Coraz popularniejsze prowadzenie panien młodych do ołtarza przez ojców nie spodobało się części duchownych w Kościele Szwecji. Zgodnie z tamtejszą tradycją panna młoda i pan młody idą do ołtarza razem. Jak pisze "The Guardian" pojawiły się nawet apele o wprowadzenie zakazu spopularyzowanego przez hollywoodzkie filmy zwyczaju.
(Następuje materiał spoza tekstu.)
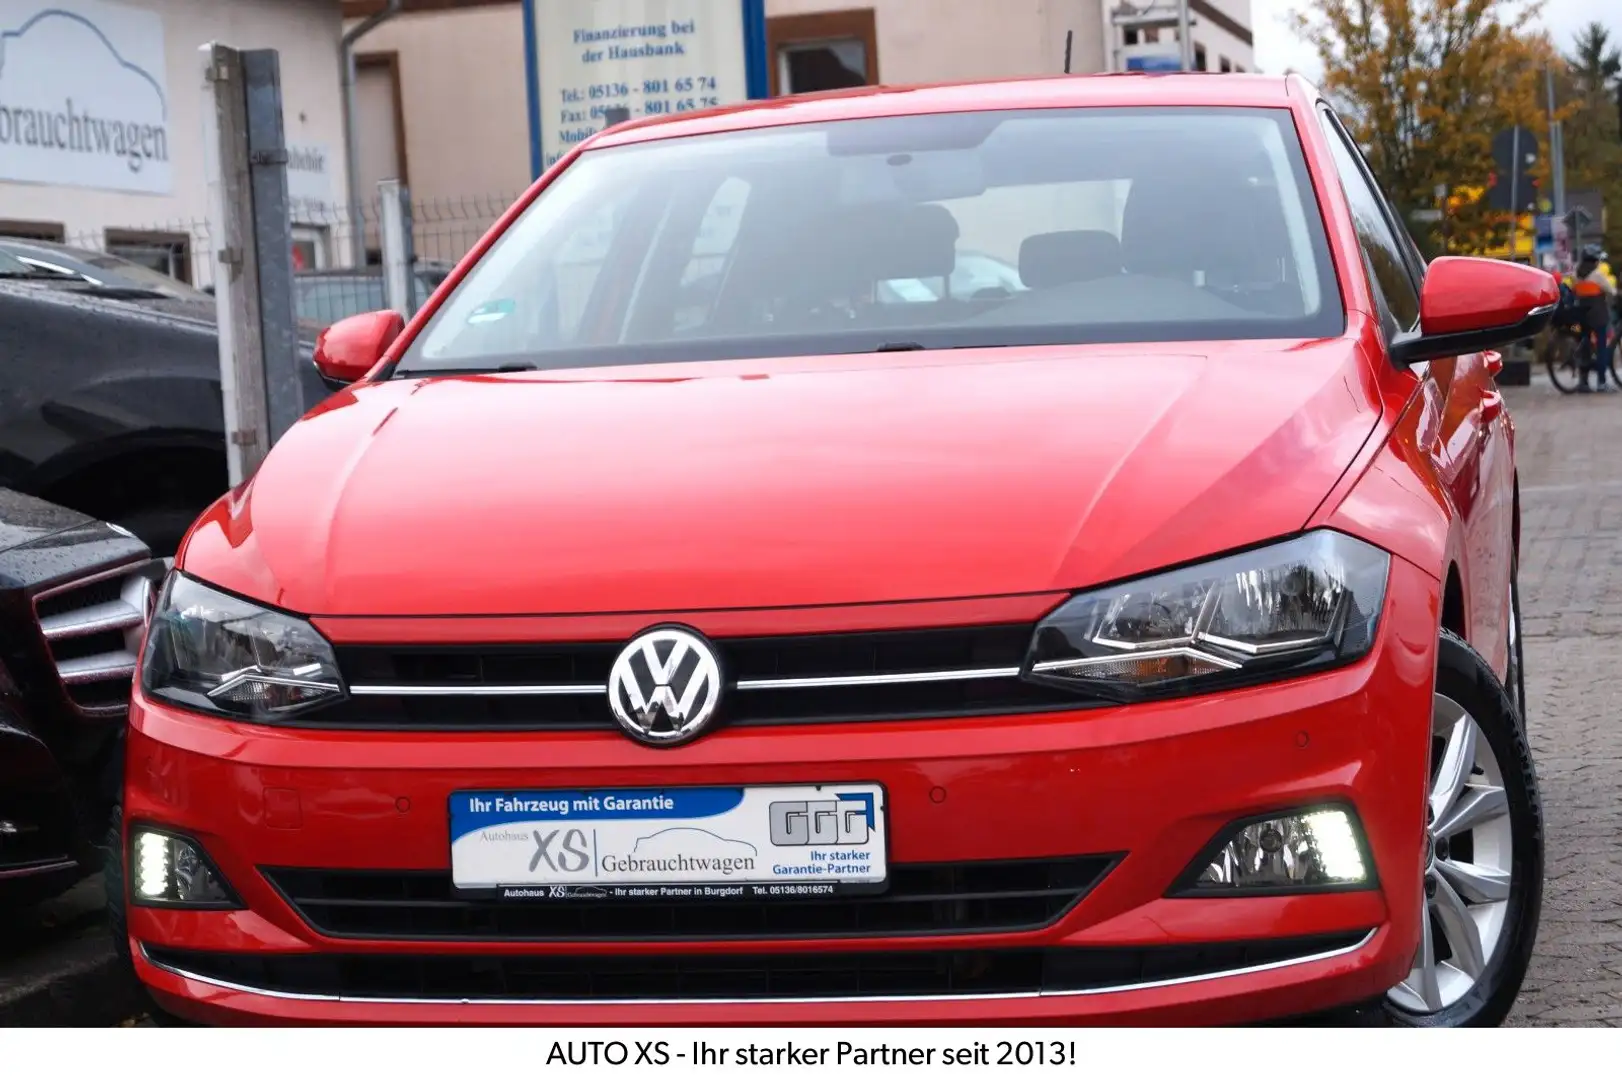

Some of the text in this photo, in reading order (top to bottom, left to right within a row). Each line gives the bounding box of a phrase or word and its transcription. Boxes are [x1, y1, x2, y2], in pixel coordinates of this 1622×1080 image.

[573, 19, 694, 44] Finanzierung bei
[582, 42, 685, 63] der Hausbank
[588, 82, 628, 99] 05136
[642, 79, 669, 94] 801
[674, 76, 693, 92] 65
[697, 76, 716, 91] 74
[644, 99, 670, 114] 801
[469, 796, 674, 815] Ihr Fahrzeug mit Garantie
[480, 830, 529, 841] Autohaus
[529, 828, 590, 872] XS
[810, 849, 871, 861] Ihr starker
[602, 853, 755, 875] Gebrauchtwagen
[772, 864, 871, 875] Garantie-Partner
[504, 889, 544, 897] Autohaus
[548, 885, 565, 898] XS
[615, 888, 627, 896] Ihr
[628, 887, 659, 896] starker
[660, 887, 692, 896] Partner
[694, 887, 703, 895] in
[704, 886, 743, 896] Burgdorf
[752, 886, 768, 895] Tel.
[769, 885, 833, 894] 05136/8016574
Skandynawska korespondentka dziennika zauważa, że dyskusja o zjawisku, które część Szwedów określa mianem "hollywoodzkiej tradycji", trwa od lat. Szczególnie głośno o niej było w 2010 roku, kiedy to przed ołtarzem stanęła szwedzka księżniczka Wiktoria, a jej ojciec - król Karol Gustaw - zgodnie z jej życzeniem poprowadził ją przez część drogi do ołtarza. Od tego czasu coraz więcej panien młodych chce, by ich najważniejszy dzień w życiu wyglądał podobnie. Nie wszystkim się to jednak podoba. W Kościele Szwecji (szwedzkim kościele luterańskim - największym w tym kraju) złożono właśnie wniosek w tej sprawie.
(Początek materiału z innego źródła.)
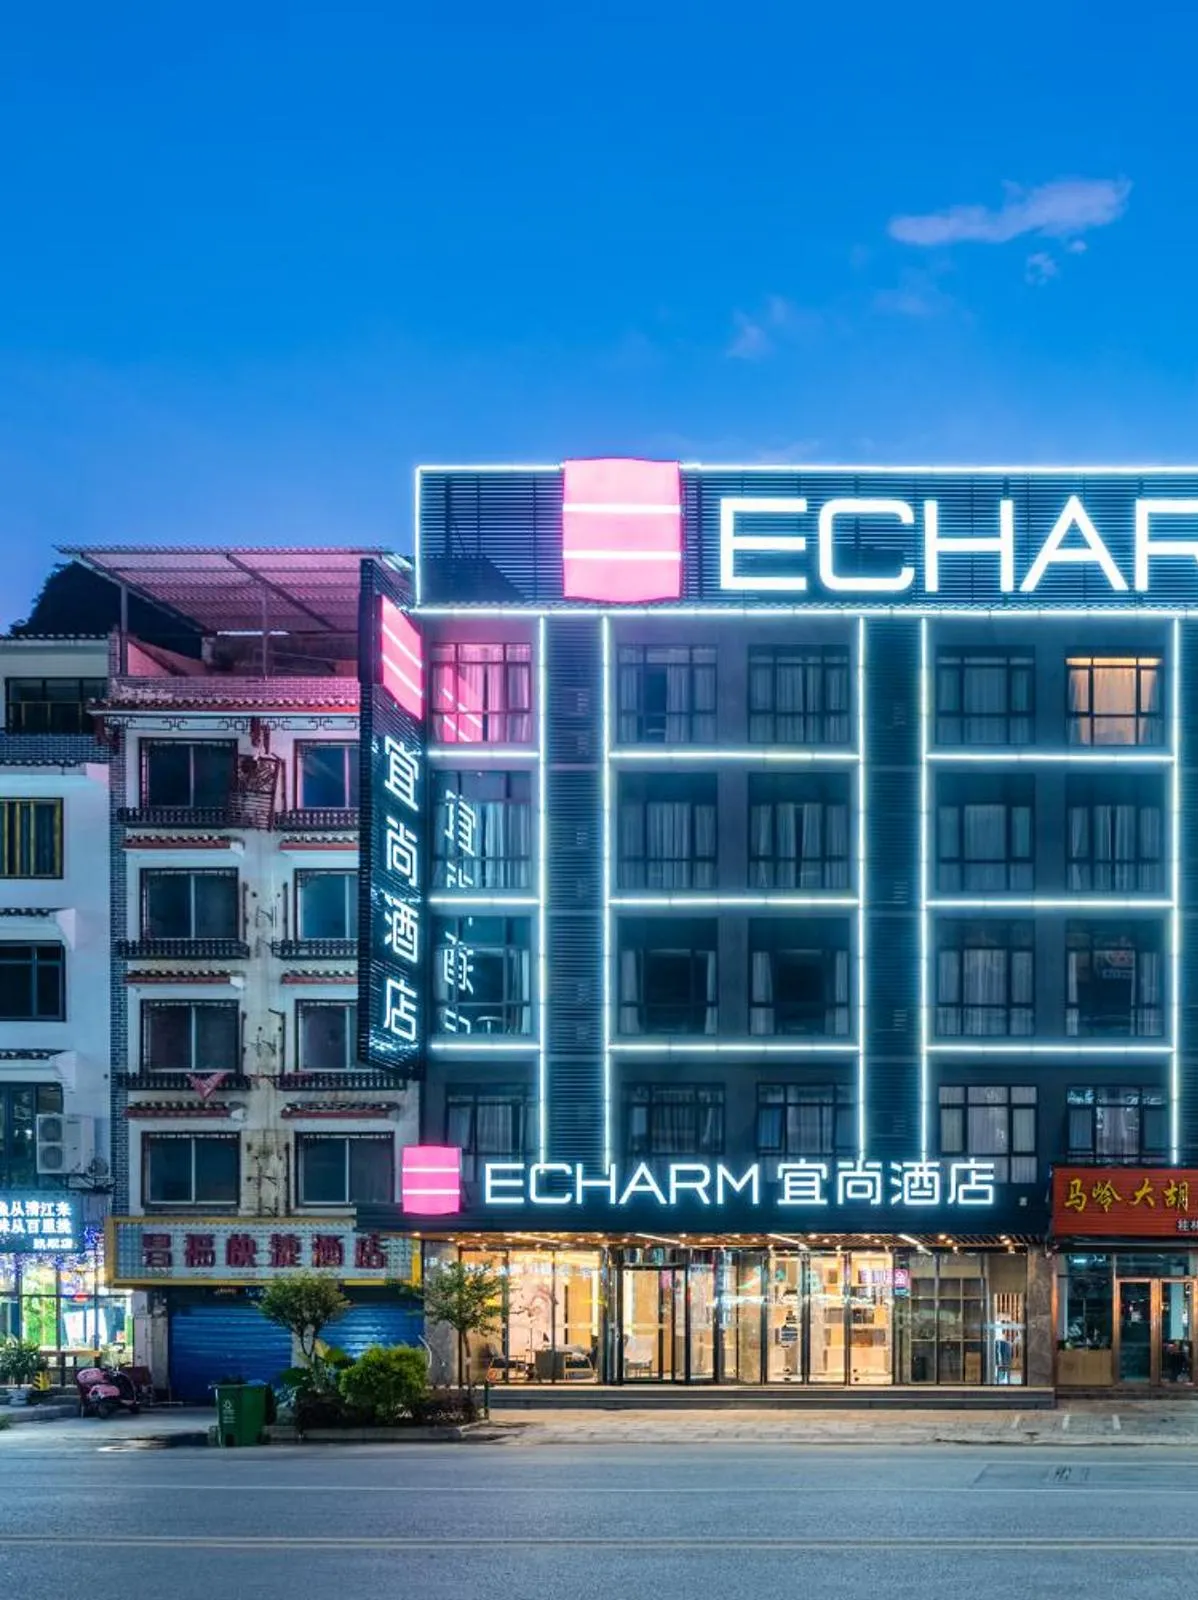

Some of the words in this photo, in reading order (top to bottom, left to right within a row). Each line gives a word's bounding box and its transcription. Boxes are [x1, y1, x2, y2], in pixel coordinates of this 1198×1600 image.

[384, 735, 419, 1043] 宜尚酒店
[485, 1163, 759, 1204] ECHARM
[777, 1159, 995, 1205] 宜尚酒店
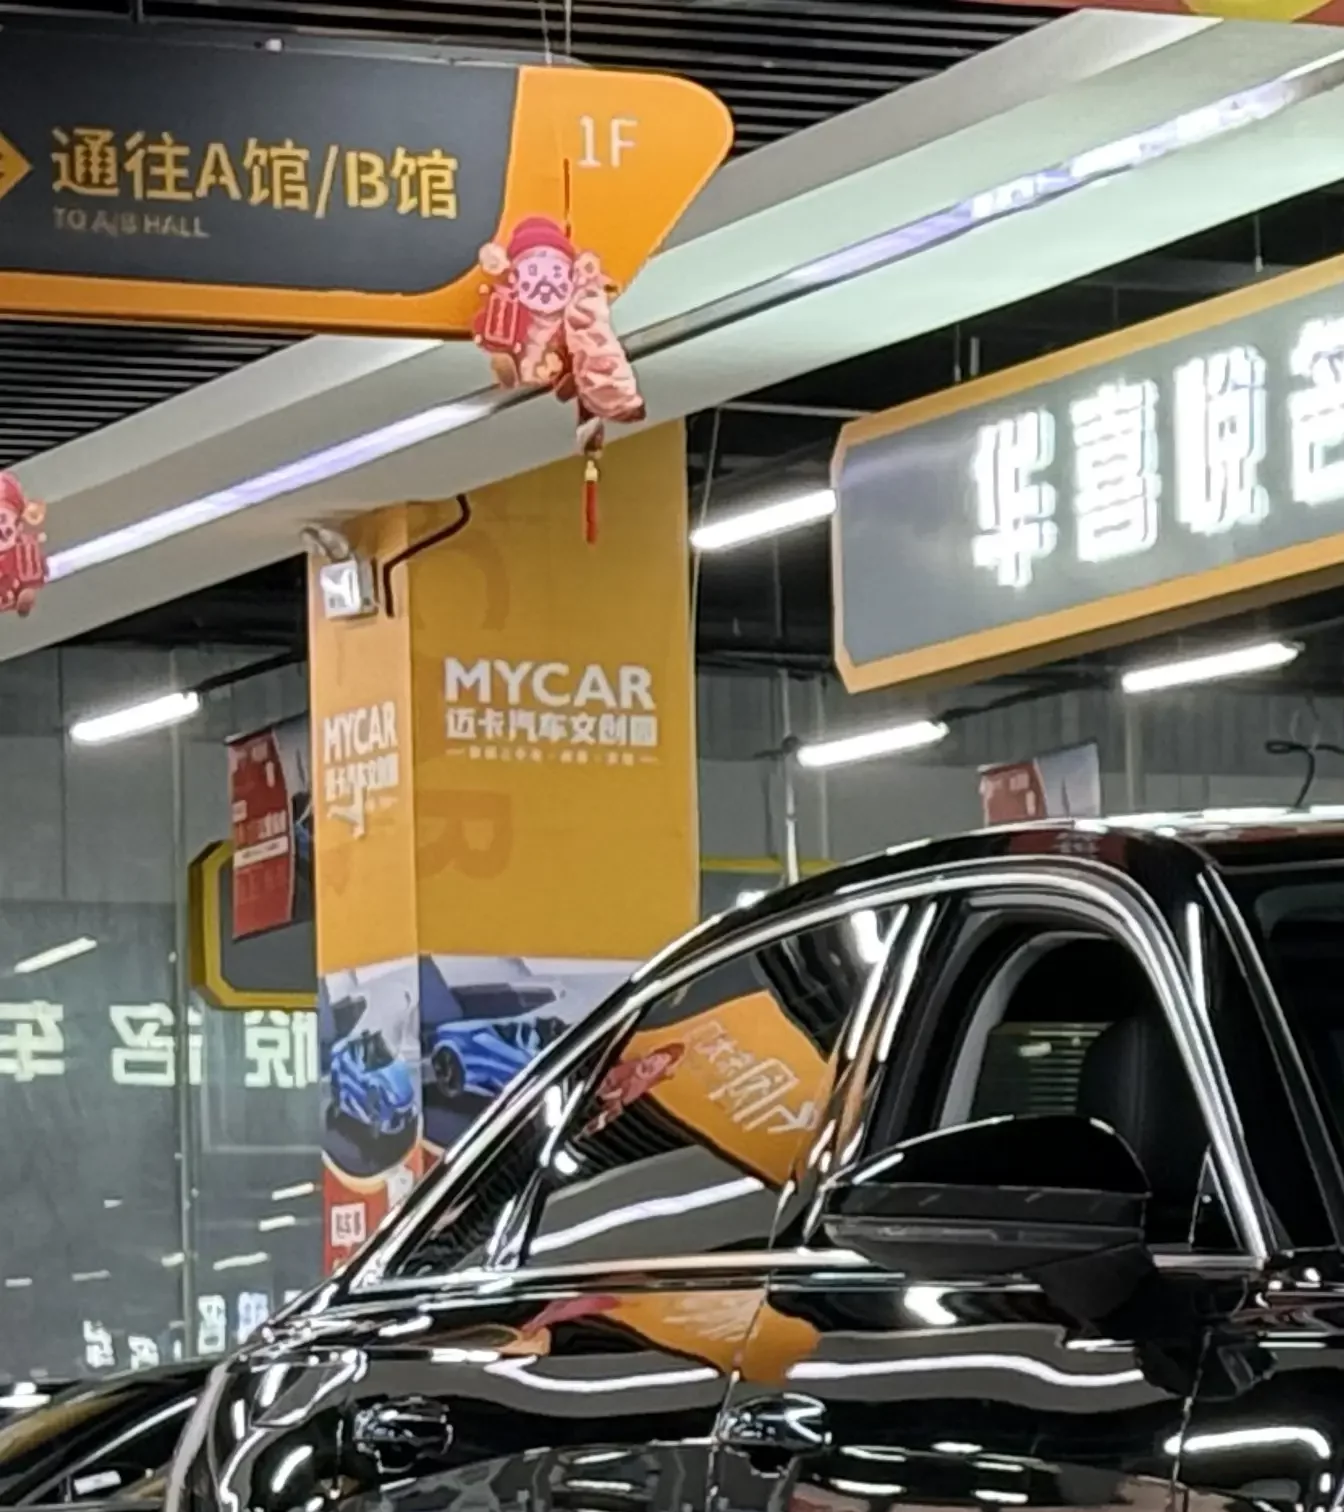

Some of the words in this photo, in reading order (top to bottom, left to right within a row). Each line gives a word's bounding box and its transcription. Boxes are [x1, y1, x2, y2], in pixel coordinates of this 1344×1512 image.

[577, 115, 639, 169] 1F
[51, 126, 459, 219] 通往A馆/B馆
[143, 216, 211, 238] HALL
[445, 657, 656, 710] MYCAR
[323, 701, 398, 765] MYCAR
Król Szwecji Karol XVI Gustaw podczas ślubu córki w 2010 rokuHENRIK MONTGOMERY/EPA/PAP

ZOBACZ TEŻ: Coraz mniej ślubów w Polsce. Szczególnie kościelnych

Chcą wytycznych w sprawie prowadzenia panien młodych przez ojców do ołtarza

Jak podaje Sveriges Radio - szwedzkie radio publiczne, grupa promująca równouprawnienie płci w szwedzkim kościele chce wprowadzenia zaleceń dla par. Mają zachęcić je, by nie hołdowały "hollywoodzkiej tradycji" i szły do ołtarza razem.

- Od stuleci para szła do ołtarza, by wziąć ślub. To dwie osoby, które postanowiły być razem, a ich ojcowie i matki siedzieli w ławach, nie będąc zaangażowani w liturgię - mówi stacji Johanna Wikberg, pastor szwedzkiego kościoła. Jej zdaniem historia oddawania panny młodej przez ojca komuś nowemu, to historia nierówności. I wyjaśnia symbolikę: - Panna młoda, dziewica, jest prowadzona przez opiekuna do ołtarza, gdzie zawierana jest transakcja potwierdzona uściskiem dłoni. Oczywiście nie to czują teraz szwedzkie pary przed ołtarzem, ale to symbolika przed którą nie możemy uciec - twierdzi.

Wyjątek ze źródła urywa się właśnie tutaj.